3 thoughts on “WAR: GS1 Vs. HIBCC”

  1. The real differentiator has been, “what is each group’s scope and track record?” HIBCC’s focus for the last 27yrs has been primarily U.S.A. and healthcare. GS1’s is global, and not limited to just healthcare.

    I served on a HIBCC committee 8 years ago, and was discouraged by its lack of ability to expand on its existing reach within the continuum of the healthcare supply chain and limited impact. Over the last couple years I’ve served on 3 GS1 committees and workgroups, including global pharmacy and U.S. healthcare, and am impressed with the groups foresight and dynamics.

    Truth is, more companies are willing to invest significant time and support with GS1 because of it’s proven track record, and because it’s one set of standards for the whole planet.
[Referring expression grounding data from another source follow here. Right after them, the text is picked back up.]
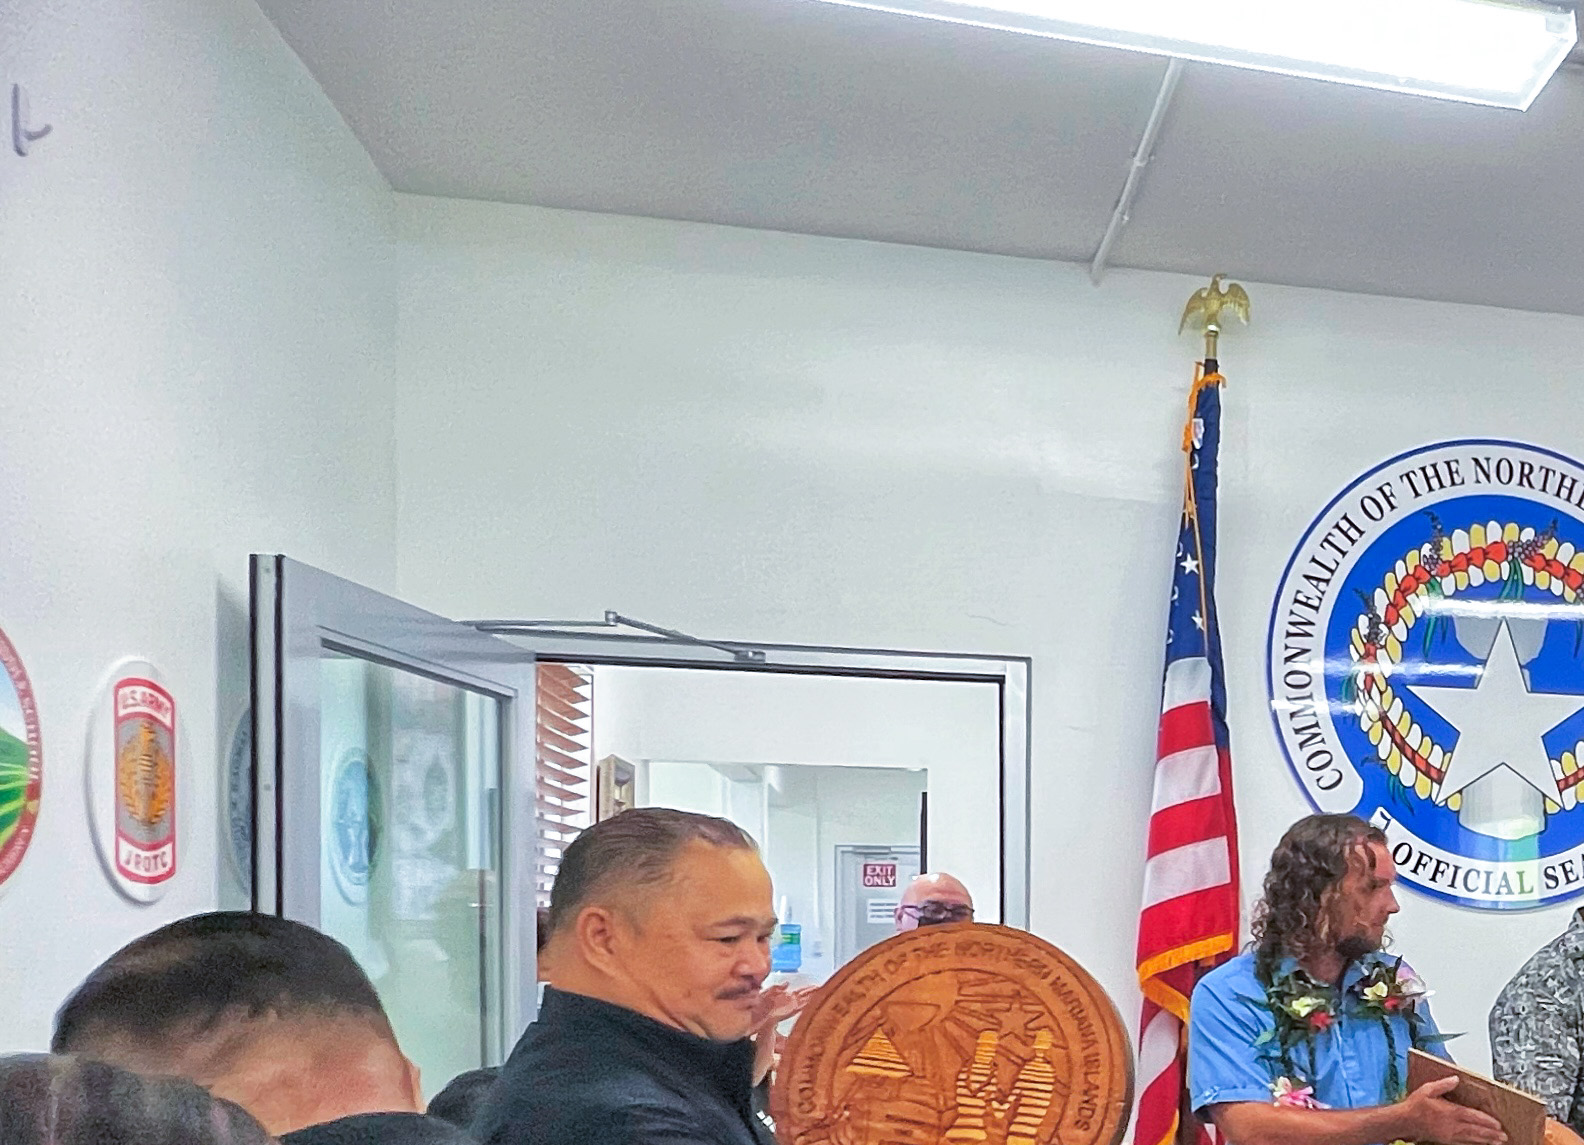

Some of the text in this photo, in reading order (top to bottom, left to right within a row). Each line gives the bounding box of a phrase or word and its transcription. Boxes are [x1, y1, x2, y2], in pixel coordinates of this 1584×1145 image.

[1283, 515, 1365, 791] COMMONWEALTH
[1359, 487, 1398, 524] OF
[1400, 459, 1466, 500] THE
[864, 875, 896, 886] ONLY
[866, 865, 894, 875] EXIT
[1392, 841, 1534, 896] OFFICIAL
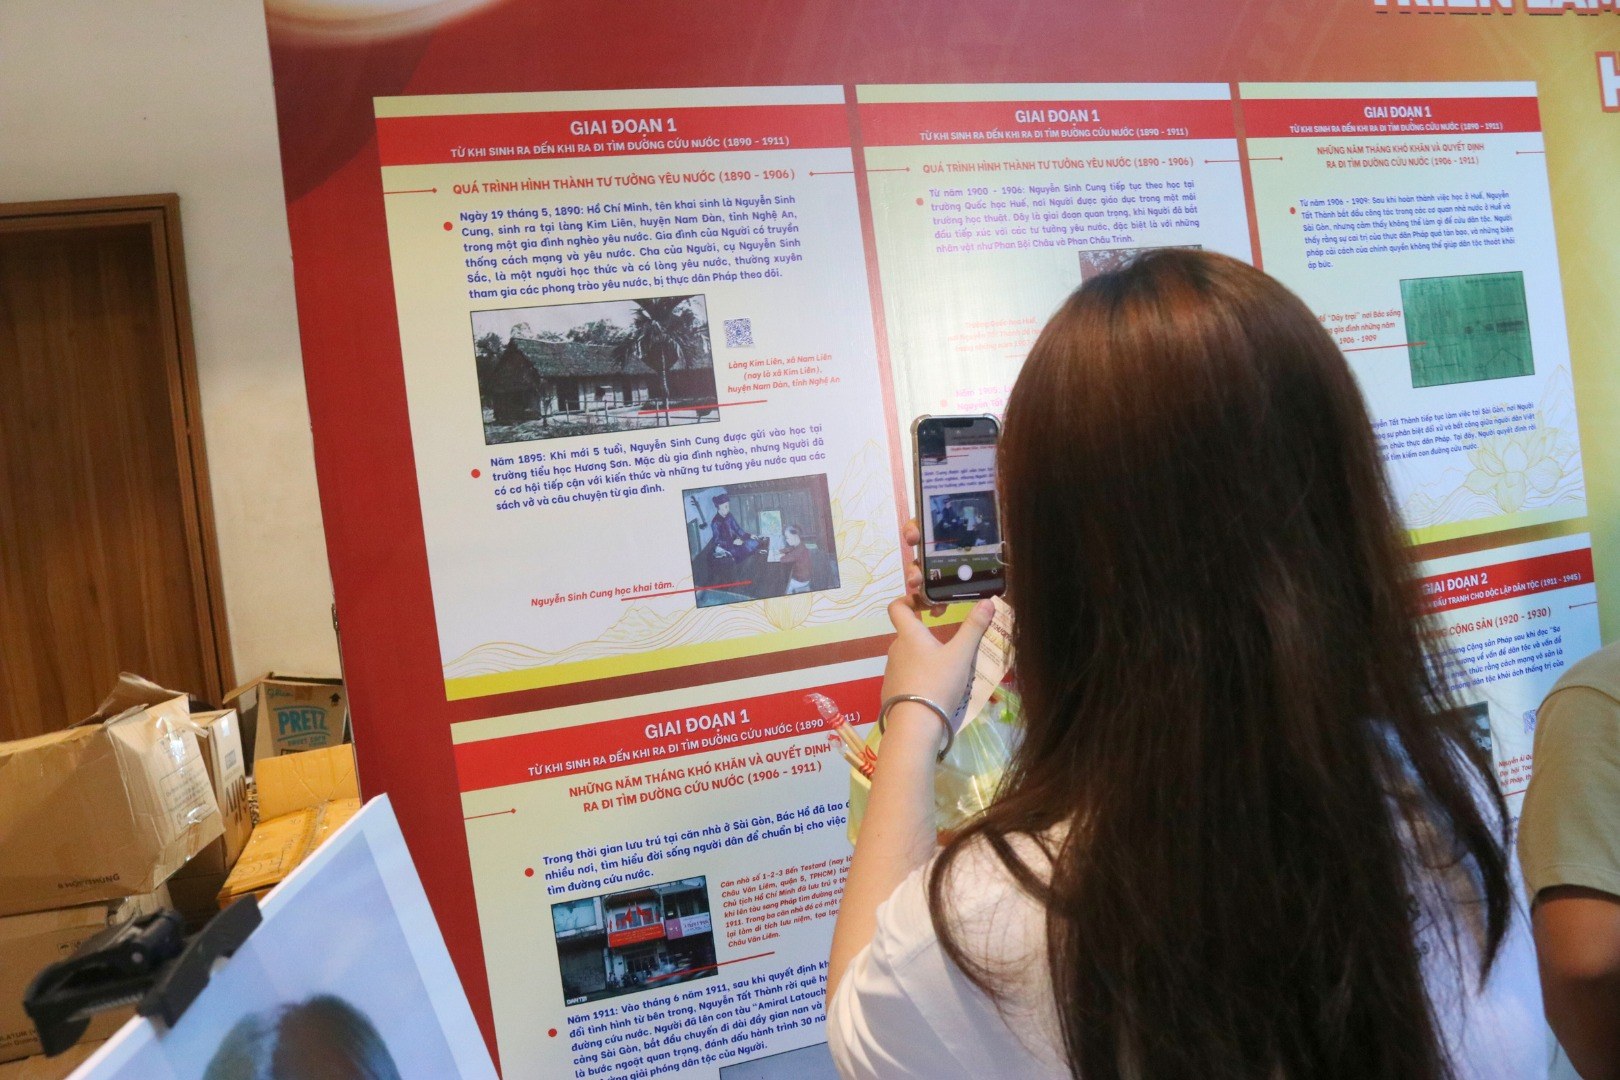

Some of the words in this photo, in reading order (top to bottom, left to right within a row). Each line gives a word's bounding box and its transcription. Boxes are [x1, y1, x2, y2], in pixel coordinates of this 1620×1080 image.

[1014, 109, 1045, 123] GIAI
[1047, 109, 1089, 126] ĐOẠN
[1091, 109, 1100, 122] 1
[1363, 106, 1388, 118] GIAI
[1389, 105, 1423, 121] ĐOẠN
[1424, 105, 1432, 117] 1
[570, 120, 607, 135] GIAI
[611, 118, 662, 137] ĐOẠN
[666, 117, 677, 132] 1
[450, 145, 465, 157] TỪ
[467, 147, 486, 157] KHI
[488, 146, 514, 156] SINH
[516, 146, 531, 154] RA
[533, 140, 555, 154] ĐẾN
[556, 143, 575, 153] KHI
[577, 143, 591, 152] RA
[593, 142, 604, 151] ĐI
[606, 139, 625, 151] TÌM
[626, 138, 665, 150] ĐƯỜNG
[666, 137, 689, 148] CỨU
[691, 135, 720, 147] NƯỚC
[723, 137, 752, 148] (1890
[761, 135, 789, 146] 1911)
[922, 160, 944, 173] QUÁ
[945, 160, 975, 172] TRÌNH
[976, 159, 1001, 171] HÌNH
[1002, 158, 1036, 170] THÀNH
[1036, 159, 1050, 169] TƯ
[1051, 156, 1085, 169] TƯỞNG
[1085, 157, 1104, 168] YÊU
[1104, 155, 1131, 168] NƯỚC
[1133, 157, 1159, 168] (1890
[1167, 156, 1193, 167] 1906)
[452, 179, 479, 194] QUÁ
[481, 179, 518, 192] TRÌNH
[520, 177, 550, 191] HÌNH
[552, 175, 594, 189] THÀNH
[595, 175, 612, 187] TƯ
[613, 172, 656, 186] TƯỞNG
[657, 171, 680, 184] YÊU
[682, 169, 715, 183] NƯỚC
[718, 170, 751, 183] (1890
[762, 169, 794, 180] 1906)
[459, 210, 488, 223] Ngày
[491, 209, 503, 219] 19
[506, 207, 538, 219] tháng
[541, 207, 551, 217] 5,
[554, 205, 583, 216] 1890:
[586, 202, 601, 214] Hồ
[603, 202, 620, 213] Chí
[623, 202, 652, 212] Minh,
[654, 201, 672, 210] tên
[674, 199, 696, 209] khai
[699, 198, 719, 208] sinh
[722, 197, 732, 207] là
[734, 194, 771, 208] Nguyễn
[774, 195, 795, 204] Sinh
[490, 456, 514, 467] Năm
[518, 453, 545, 464] 1895:
[549, 449, 566, 460] Khi
[570, 447, 589, 458] mới
[593, 447, 599, 456] 5
[603, 442, 626, 455] tuổi,
[629, 438, 666, 453] Nguyễn
[670, 437, 691, 447] Sinh
[694, 436, 719, 446] Cung
[723, 433, 746, 443] được
[750, 429, 765, 441] gửi
[769, 427, 785, 437] vào
[789, 426, 805, 436] học
[809, 424, 821, 434] tại
[531, 592, 565, 607] Nguyễn
[567, 591, 587, 602] Sinh
[589, 589, 612, 598] Cung
[615, 588, 631, 597] học
[633, 582, 652, 593] khai
[654, 581, 675, 590] tâm.
[1446, 574, 1479, 591] ĐOẠN
[1480, 572, 1488, 584] 2
[1450, 623, 1474, 637] CỘNG
[1475, 617, 1492, 630] SẢN
[1494, 613, 1518, 628] (1920
[1527, 606, 1551, 620] 1930)
[278, 709, 326, 735] PRETZ
[644, 719, 681, 739] GIAI
[685, 710, 736, 732] ĐOẠN
[739, 708, 750, 723] 1
[568, 781, 613, 797] NHỮNG
[614, 775, 642, 789] NĂM
[644, 768, 685, 784] THÁNG
[687, 760, 712, 777] KHÓ
[714, 756, 746, 772] KHĂN
[747, 752, 763, 766] VÀ
[765, 745, 801, 763] QUYẾT
[804, 742, 831, 757] ĐỊNH
[583, 801, 599, 812] RA
[601, 798, 613, 809] ĐI
[615, 792, 637, 806] TÌM
[639, 786, 682, 802] ĐƯỜNG
[684, 779, 709, 794] CỨU
[711, 774, 744, 789] NƯỚC
[747, 769, 779, 785] (1906
[791, 760, 821, 775] 1911)
[547, 885, 565, 895] tìm
[567, 879, 601, 891] đường
[603, 873, 622, 884] cứu
[624, 868, 653, 880] nước.
Multi-national companies don’t gain as many efficiencies if they’re required to participate with dozens-and-dozens of standards group across dozens-and-dozens of countries, like with HIBCC whose focus is primarily one industry, one country.

    GS1 has many years of success on a global scale. Most of us know GS1 by their previous name in the U.S., the UCC (in Europe EAN). It’s the same group that has brought us efficiencies in grocery, retail, and other industries across the globe for the last couple decades.

    HIBCC had good intentions when it was created in 1983, but just can’t deliver to the extent we need. GS1 has the proven track record, and is demonstrating right now an ability to support momentum in a positive direction, and build the relationships required across the industry, from manufacturing to provider, to support our success.

  2. Ray,
    Thank you for your well thought-out comment. Your perspective is very helpful because you have direct experience working in both organizations. I have only worked within the GS1 organization as an end user so I can only present ideas about HIBCC based on what I read or hear from others.